Abstract Body

Background:

Doxycycline post-exposure prophylaxis (doxy-PEP) reduces bacterial sexually transmitted infection (STI) risk in people with HIV (PWH) or using HIV preexposure prophylaxis (PrEP). However, ongoing decision-making about federal and local guidance for doxy-PEP prescribing is complicated by concerns about potential harms of widespread use. We sought to identify doxy-PEP prescribing strategies that would minimize overall doxy-PEP use while maximizing impact on STIs.

Methods:

We used electronic health record data on gay and bisexual men (GBM), transgender women, and non-binary people assigned male at birth with ≥2 STI tests (chlamydia, gonorrhea, or syphilis) at Fenway Health, a Boston clinic focused on LGBT health, during 2015-2020. Patients were followed from first STI test until last test or end of 2020. We defined 10 potential doxy-PEP prescribing strategies: prescribed to (1) all individuals, (2) PrEP users, (3) PrEP users/PWH; and prescribed after (4) any STI, (5) rectal STI, (6) ≥2 STIs in 12m, (7) ≥2 STIs in 6m, (8) ≥2 concurrent STIs, (9) syphilis or (10) gonorrhea Dx. We also explored strategies 4–10 restricted to PrEP users/PWH. We evaluated counterfactual scenarios in which patients who met each criterion were prescribed doxy-PEP indefinitely (strategies 1–3) or for 12m (strategies 4–10). We assumed STI incidence during doxy-PEP use would have been reduced by clinical trial efficacy estimates. For each strategy, we estimated the proportion prescribed doxy-PEP, overall STIs averted, and number needed to treat with doxy-PEP per year to avert 1 STI (NNT).

Results:

Among 10,562 patients (94% GBM; 54% PrEP users; 14% PWH), incidence of any STI was 39.8/100py. Across strategies, NNT ranged from 1.0–3.8 (median=1.7) and proportion of STIs averted ranged from 8%–70% (median=20%).
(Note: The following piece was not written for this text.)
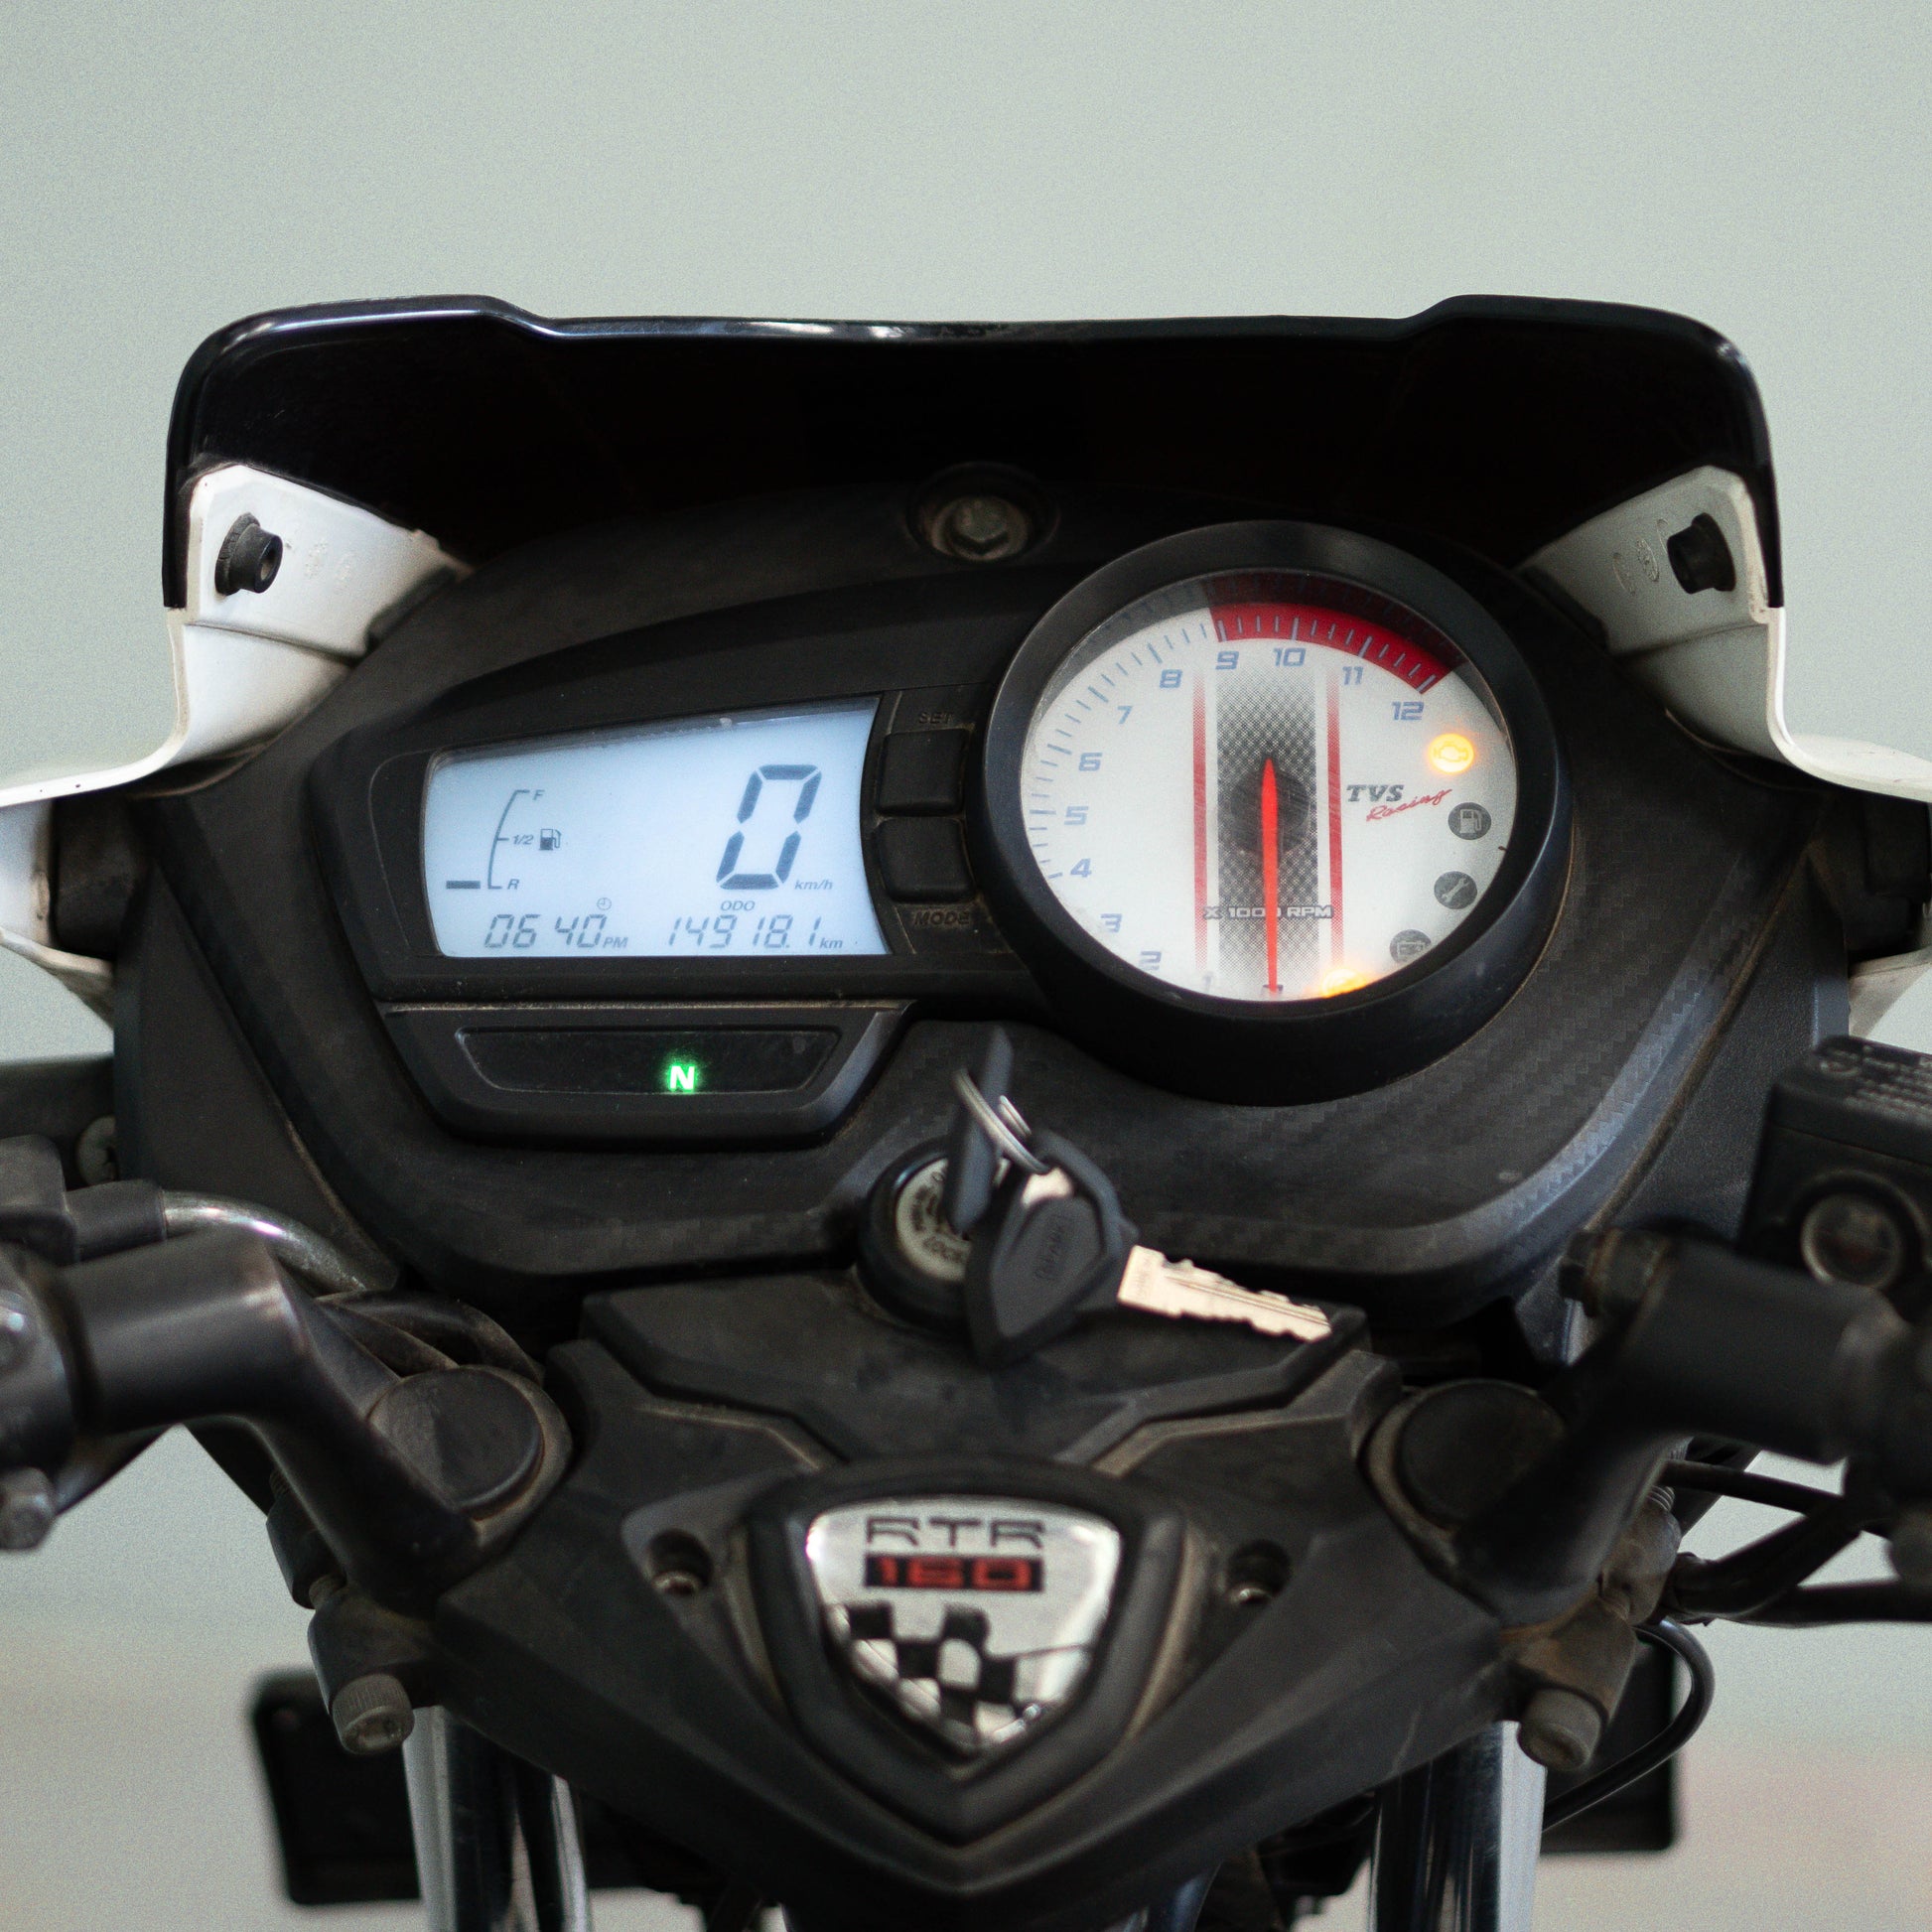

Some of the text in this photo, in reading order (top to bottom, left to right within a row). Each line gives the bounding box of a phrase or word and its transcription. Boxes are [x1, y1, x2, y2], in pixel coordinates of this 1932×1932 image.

Prescribing doxy-PEP to all patients averted 70% of STIs (NNT=3.7); prescribing to PrEP users/PWH (68% of patients) averted 60% of STIs (NNT=2.9; Figure). Prescribing doxy-PEP after any STI reduced the proportion of patients on doxy-PEP to 41% and averted 42% of STIs (NNT=2.9). Prescribing after concurrent or repeated STIs was most efficient (lowest NNTs). Restricting strategies 4–10 to PrEP users/PWH had minimal effect on NNT and reduced impact on STIs.

Conclusions:

Prescribing doxy-PEP to individuals with STIs, particularly concurrent or repeated STIs, could avert a substantial proportion of subsequent STIs. The most efficient prescribing strategies are based on STI history rather than HIV status or PrEP use.

Proportion of individuals prescribed doxy-PEP (red), proportion of STIs averted (blue), and number needed to treat (NNT) with doxy-PEP for one year to avert one STI (right) for each doxy-PEP prescribing strategy.